You can use any validation library (Zod, Valibot, etc.) by providing a validator object.

import { z } from 'zod';

const userSchema = z.object({
  id: z.string(),
  name: z.string().min(3),
  email: z.string().email(),
});

const users = db.collection<User>('users', {
  validator: {
    validate: (data) => userSchema.parseAsync(data),
  }
});

Transactions & Batching

Transactions allow you to group multiple operations across different collections into a single Git commit. This reduces API calls and ensures that either all operations succeed or none are committed.

const commitSha = await db.transaction(async (tx) => {
  const posts = tx.collection('posts');
  const count = tx.collection('stats');

  await posts.create({ id: 'p1', title: 'New Post' });
  await count.update('total', { value: 101 });
}, 'Create post and increment counter');

Storage Strategies (Sharding)

By default, gh-as-db stores the entire collection in a single JSON file (name.json).
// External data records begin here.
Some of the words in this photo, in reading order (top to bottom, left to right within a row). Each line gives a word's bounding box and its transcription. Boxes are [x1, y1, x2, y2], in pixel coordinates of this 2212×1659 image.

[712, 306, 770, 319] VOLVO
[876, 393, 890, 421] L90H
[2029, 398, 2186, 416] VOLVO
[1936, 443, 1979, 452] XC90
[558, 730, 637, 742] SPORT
For large collections, you can use the sharded strategy, which stores one file per document (name/id.json).

const users = db.collection<User>('users', {
  strategy: 'sharded'
});

Why use Sharding?

  • 🚀 Performance: findById reads only the specific file, which is much faster than loading a massive JSON array.
  • 📈 Scalability: Avoids GitHub's file size limits and reduces merge conflicts.
  • 🧹 Cleanliness: Better organization for repositories with thousands of documents.

CLI Usage

gh-as-db comes with a CLI tool to help you manage your repository.
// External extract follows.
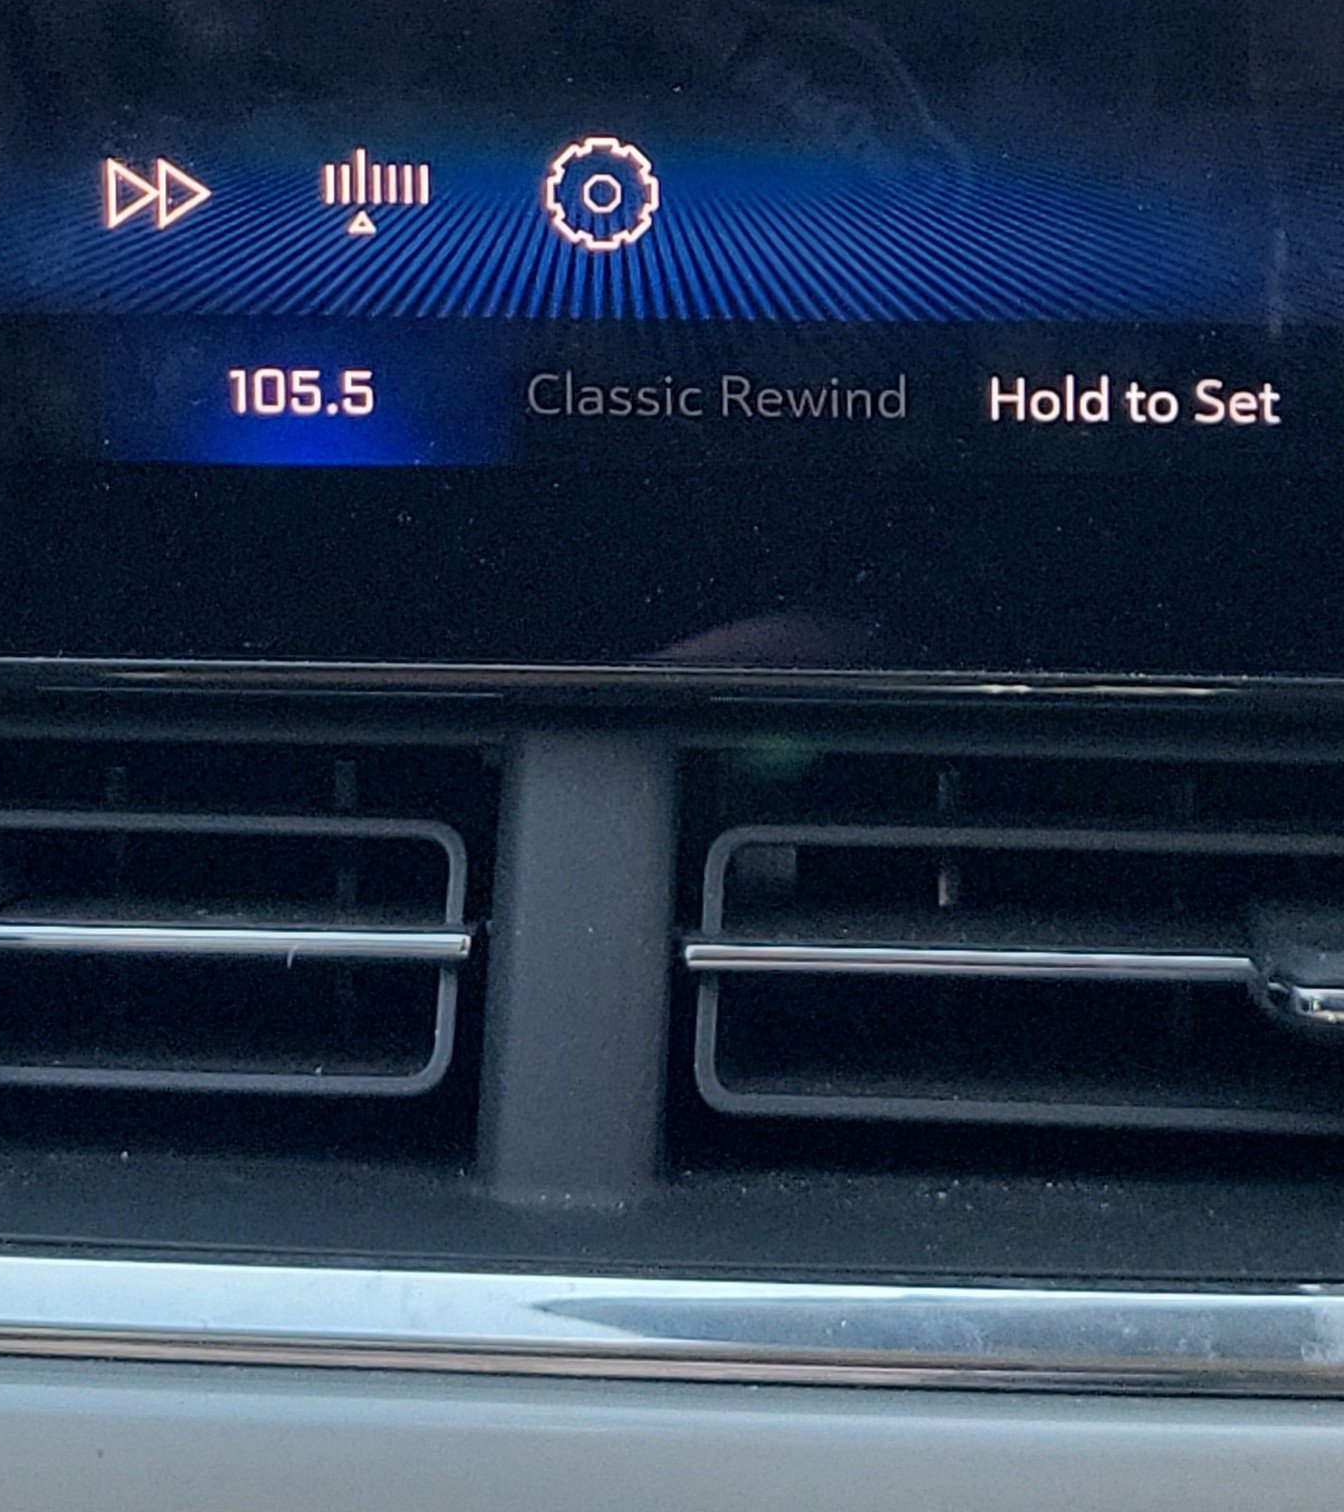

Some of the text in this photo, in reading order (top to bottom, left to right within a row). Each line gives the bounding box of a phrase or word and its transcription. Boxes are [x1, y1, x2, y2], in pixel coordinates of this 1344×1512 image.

[228, 367, 375, 416] 105.5
[527, 369, 908, 420] Classic Rewind
[990, 374, 1282, 425] Hold to Set
# Initialize a new repository
npx gh-as-db init

# List all collections
npx gh-as-db list

# Inspect a specific collection
npx gh-as-db inspect <collection-name>

Why gh-as-db?

For small projects, side-projects, or internal tools, setting up a database server (PostgreSQL, MongoDB) is often overkill. gh-as-db gives you:

  1. Zero Cost: GitHub's free tier for private repos is enough for many use cases.
  2. Versioned Data: Every change is a commit. You can see history and revert easily.
  3. Collaboration: Use GitHub's own UI to edit data in a pinch.

Performance

  • Consistent Caching: Uses Conditional GET (If-None-Match) to ensure data is always up-to-date even across multiple instances (e.g., serverless), while minimizing API costs.
  • Write-Through: Updates the local cache immediately after a write, preventing 404s during redirects.
  • Indexing: Automatic in-memory indexing on all fields makes querying fast even as data grows.
  • Optimistic Concurrency: Uses Git SHAs to ensure that you don't overwrite changes made by another client.